(Data excerpts begins)
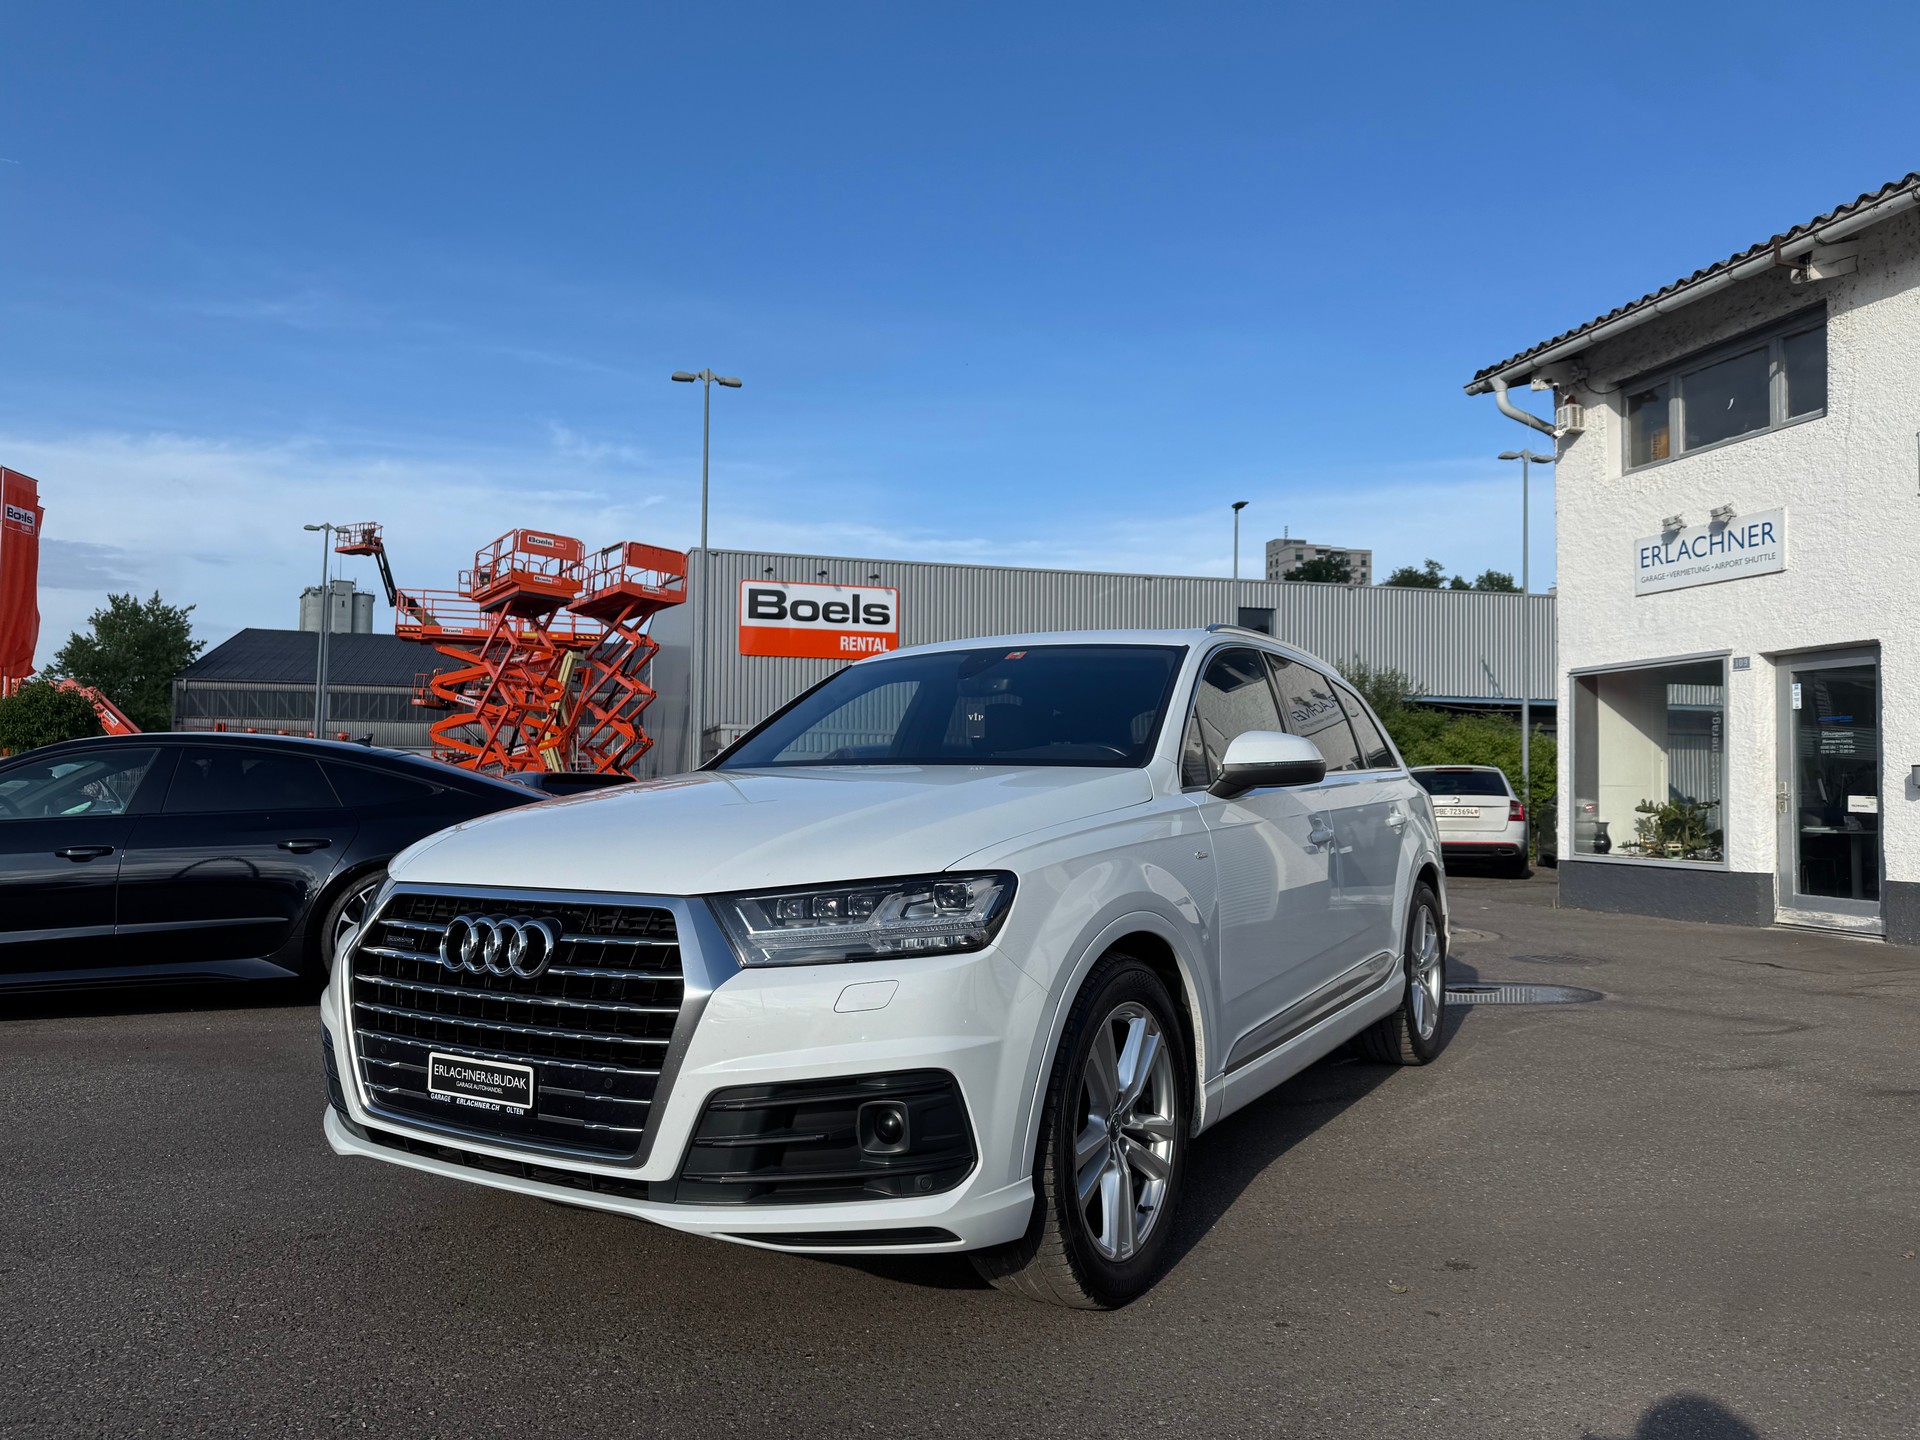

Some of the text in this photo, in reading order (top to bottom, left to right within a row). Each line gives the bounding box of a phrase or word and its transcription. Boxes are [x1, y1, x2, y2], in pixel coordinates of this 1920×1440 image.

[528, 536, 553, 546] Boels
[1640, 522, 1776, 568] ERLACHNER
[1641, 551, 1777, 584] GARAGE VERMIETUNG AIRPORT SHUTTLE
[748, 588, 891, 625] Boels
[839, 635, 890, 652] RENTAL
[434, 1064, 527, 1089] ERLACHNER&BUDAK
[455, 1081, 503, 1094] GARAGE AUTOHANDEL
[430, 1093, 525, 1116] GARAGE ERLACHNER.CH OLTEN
(Data excerpts ends)
*Exercise details*. Leaving the pictures aside, give back all the records exactly as they are.

*Written response*.
Some of the text in this photo, in reading order (top to bottom, left to right within a row). Each line gives the bounding box of a phrase or word and its transcription. Boxes are [x1, y1, x2, y2], in pixel coordinates of this 1920×1440 image.

[528, 536, 553, 546] Boels
[1640, 522, 1776, 568] ERLACHNER
[1641, 551, 1777, 584] GARAGE VERMIETUNG AIRPORT SHUTTLE
[748, 588, 891, 625] Boels
[839, 635, 890, 652] RENTAL
[434, 1064, 527, 1089] ERLACHNER&BUDAK
[455, 1081, 503, 1094] GARAGE AUTOHANDEL
[430, 1093, 525, 1116] GARAGE ERLACHNER.CH OLTEN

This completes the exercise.